Reduzindo as emissões de carbono nas fábricas de semicondutores: Por que estamos passando para o uso de luzes infravermelhas
Atualmente, todos falam sobre a neutralidade carbônica. Mas, para nós que trabalhamos em fábricas de semicondutores, isso é um desafio enorme. O método tradicional de aquecimento por resistência, usado há anos, é muito ineficiente. É por isso que passamos a usar sistemas de lâmpadas infravermelhas de onda curta. Pense nisso da seguinte maneira: em vez de aquecer todo o ambiente só para aquecer uma xícara de café, usamos um laser. Assim, não desperdiçamos energia aquecendo toda a câmara; a energia é direcionada diretamente para o wafer. É mais eficiente e rápido.
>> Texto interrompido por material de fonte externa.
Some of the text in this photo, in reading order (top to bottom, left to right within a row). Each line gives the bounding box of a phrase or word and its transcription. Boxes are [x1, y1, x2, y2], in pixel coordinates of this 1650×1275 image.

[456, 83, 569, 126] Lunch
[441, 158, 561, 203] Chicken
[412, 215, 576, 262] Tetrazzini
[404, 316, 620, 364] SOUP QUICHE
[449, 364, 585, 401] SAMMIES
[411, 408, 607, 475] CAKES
A magia do processamento térmico rápido
Criamos esses sistemas para transferir grandes quantidades de calor, e eles fazem isso instantaneamente. Ao usar filamentos de tungstênio dentro de quartzo cheio de halogênio, podemos aumentar a temperatura rapidamente. Não há mais necessidade de esperar por longos ciclos de pré-aquecimento. Sabe aquele calor desnecessário gerado pelos fornos antigos? Isso é apenas dinheiro e eletricidade sendo desperdiçados. Com o uso de luzes infravermelhas, isso acaba. Além disso, podemos controlar exatamente para onde vai o calor. Se apenas uma parte do wafer precisa de calor, é apenas essa parte que recebe esse calor.
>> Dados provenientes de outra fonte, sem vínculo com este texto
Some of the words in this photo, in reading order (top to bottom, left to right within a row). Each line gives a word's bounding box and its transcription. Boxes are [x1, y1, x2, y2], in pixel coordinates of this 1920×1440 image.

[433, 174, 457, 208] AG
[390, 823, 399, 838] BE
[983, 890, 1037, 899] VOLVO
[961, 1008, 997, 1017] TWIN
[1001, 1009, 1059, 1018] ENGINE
Os detalhes importantes (e os trade-offs)
Mas não é tudo tão simples assim. São sistemas de alta potência, e quando se trata de ativação de dopantes ou tratamento térmico, a densidade de calor é enorme. Não dá para simplesmente configurar e esquecer. Se os sistemas de resfriamento não forem eficazes, você terá problemas. A radiação refletida e o acúmulo de calor no interior do dispositivo podem danificar as lâmpadas em poucas horas. É uma ferramenta de alto desempenho, então requer manutenção adequada. Para evitar quebras, usamos quartzo reforçado, para que os tubos não se dobrem sob a pressão. E como ninguém gosta de gastar seis horas consertando algo simples, mantivemos os conectores simples. Eles podem ser substituídos rapidamente durante períodos de manutenção, permitindo que a produção continue normalmente.
O que isso realmente significa para as “fábricas verdes”
No final das contas, trata-se de reduzir o consumo de energia. Ao eliminar a grande massa térmica dos equipamentos antigos, precisamos de muito menos energia para atingir a temperatura de operação. E, quando o trabalho é concluído, eles esfriam muito mais rápido. Para os engenheiros, isso significa menor consumo de energia e tempos de ciclo mais curtos. É uma maneira de passar nas auditorias de “fábricas verdes” sem precisar diminuir a produção ou interromper o fluxo de trabalho. Simplesmente funciona.